The Sultan, along with supporters, led in the distribution of rice, noodles, and sardines at the “Zamboanga’s poverty hill” with a hundred of scavengers in the area. At the same time, he carried out a house-to-house distribution of goods in Barangays Canelar and Moret with village officials.
“It really feels good that you have at least help in a small way,” Sultan Pulalun later said in an interview.
He also called on the people, especially those well-to-do families, to share their blessings because the poor residents in the said barangays really need foods and medicines.
An elderly woman, who spoke in behalf of the Lubangan scavengers, said that they are very grateful to the assistance extended by Sultan Pulalun to them.
“Gracias gayud con el attention ya dale canamon aqui…bien grande ayuda ya gayud este (we are very thankful to the attention that has given by Sultan to us…this is a big help),” she said.

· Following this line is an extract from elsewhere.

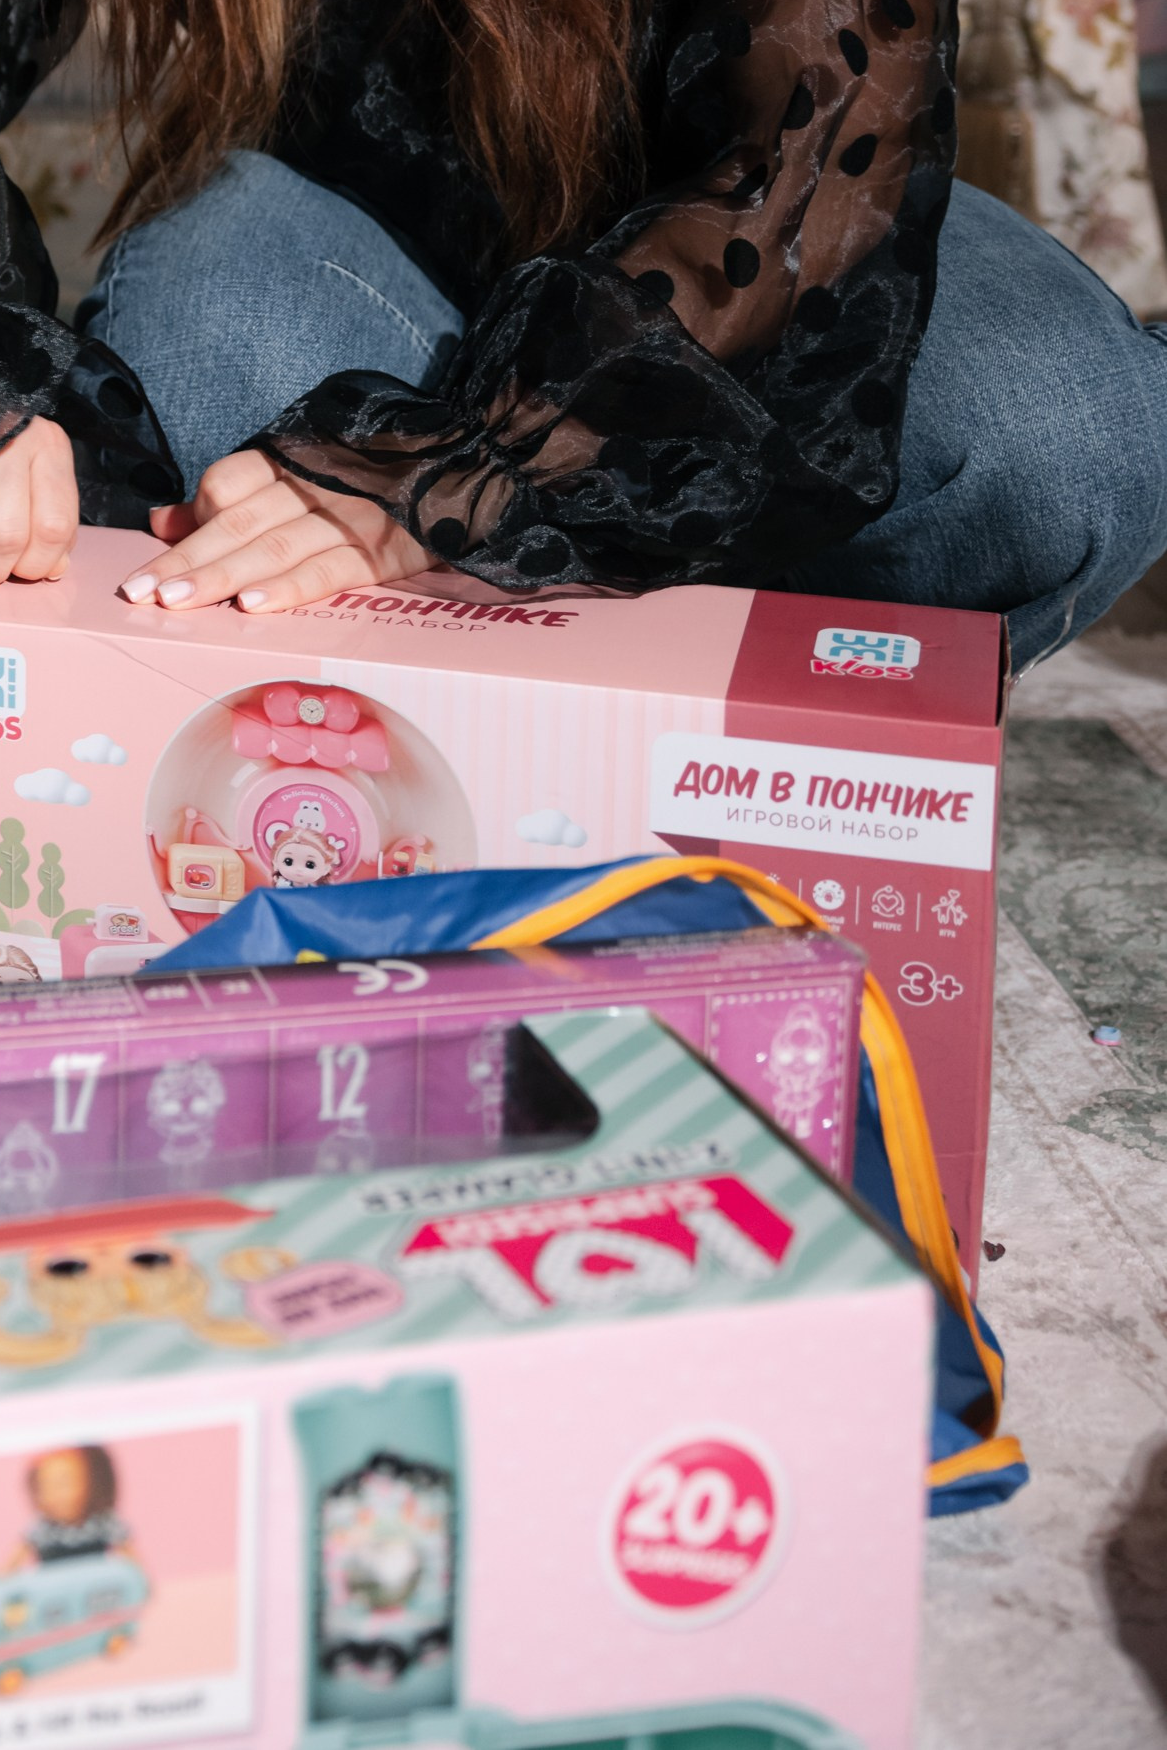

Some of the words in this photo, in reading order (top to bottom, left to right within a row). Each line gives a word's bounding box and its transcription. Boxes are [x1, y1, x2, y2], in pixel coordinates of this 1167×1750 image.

Lumbangan, about 10 kilometers east of Zamboanga City, is a dump site for tons of garbage that could be anything from a harmless piece of rubber duck toy to more toxic materials such as computer and television parts or even a bottle of pesticide.
For its residents, the village is a man-made hill of poverty, a symbol of a struggle for many who brave the heat and cold in search of scrap, wrote Al Jacinto, a freelance journalist, in his feature news published in the national dailies late last year.
According to Jacinto, the dump is a place of opportunity for many jobless people in the village, but there are dangers to face as well and many scavengers are suffering from different diseases such as tuberculosis, asthma and skin allergy.
Early this year, a big fire hit one of the city’s urban village leaving some 6,000 families (mostly squatters) homeless in the congested barangay Canelar. The fire destroyed about 1,500 houses. Many of the fire victims are still not relocated or re-housed up to now.